Thursday night...
I had two amazing dreams. The types of dreams I have never been blessed with before and could never imagine having nor appreciated them before like a could now.
The first was of this sweet little baby growing in my tummy. I think it's fair to say that dreams rarely make sense so the beginning of this dream might have seemed sad. I dreampt that I was ill and I had to go to the hospital and when I awake I had already had our baby. Except... Our baby to our surprise was a little boy. So I asked Nick what he named the baby since I was "unconscious" for the entire thing. He said his name was Oliver. This precious child was definitely not an infant at this point but an out right bouncing baby boy! He had bright red hair and gorgeous blue eyes. Not to forget the happiest little thing I had every laid eyes on. So precious! And so grateful to spend just a moment of time with that happy baby boy. When I woke up it was only 1am so I decided it was in my families best interest if I fell back asleep for a few more hours.
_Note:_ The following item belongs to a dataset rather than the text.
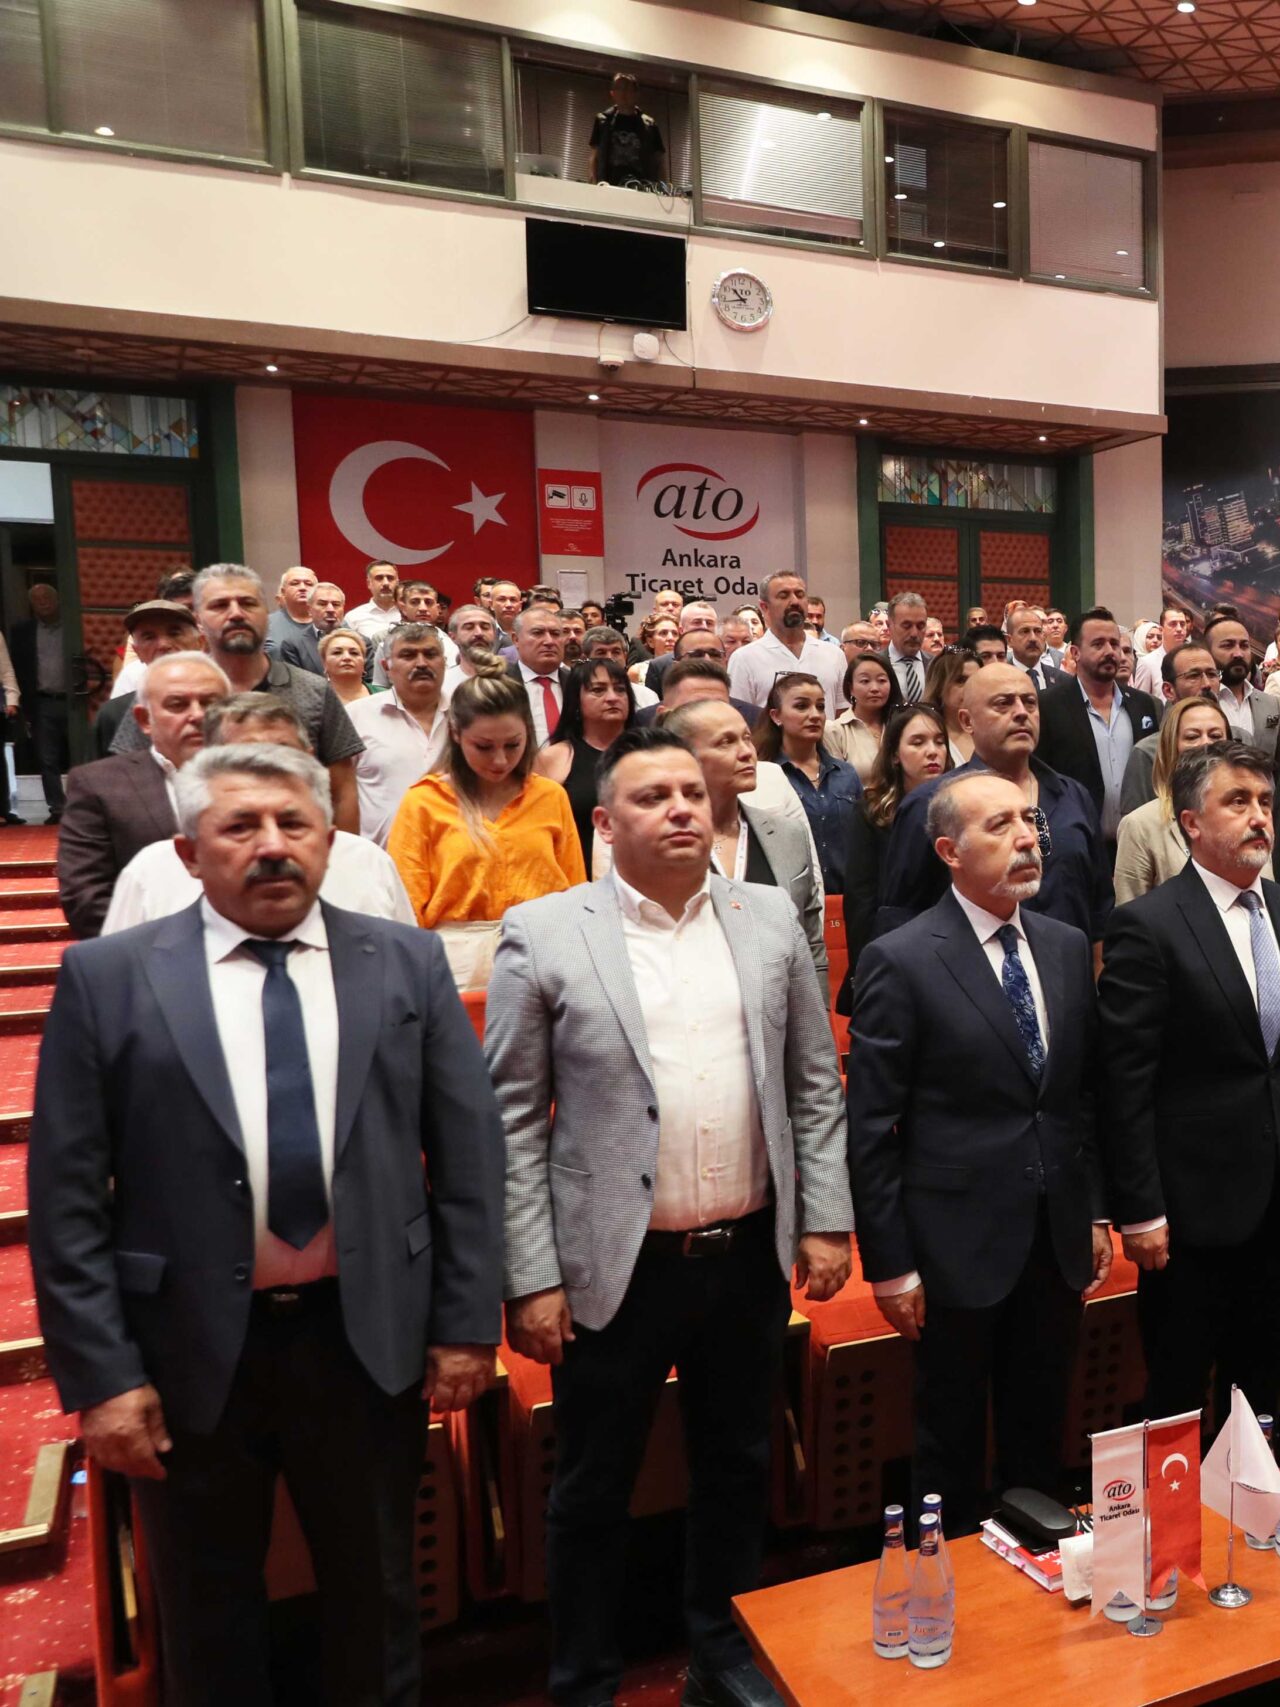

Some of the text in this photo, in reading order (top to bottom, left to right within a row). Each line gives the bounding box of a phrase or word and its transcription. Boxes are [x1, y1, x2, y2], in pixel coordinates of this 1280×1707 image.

The second dream I ended up having was just what I needed. I had spent the evening earlier going through and clearing out photos from my Mac... Memory issues. So this dream was perfect. It was about my Shane, only he was just a little thing again! Toddler voice and all!! I could have lived in that dream with my sweet precious first born. He was the kindest child. So full of innocence and life. And it made me realize how precious even dirty, loud ten year olds will be 5 years down the road. I am so grateful to have him in my life, to be his mommy. To help (try to) guide him and keep him focused on continuing to be kind, strong and thoughtful. He is so forgiving it humbles me. I wish I had his heart, courage and self esteem. But I also miss that little toddler every day.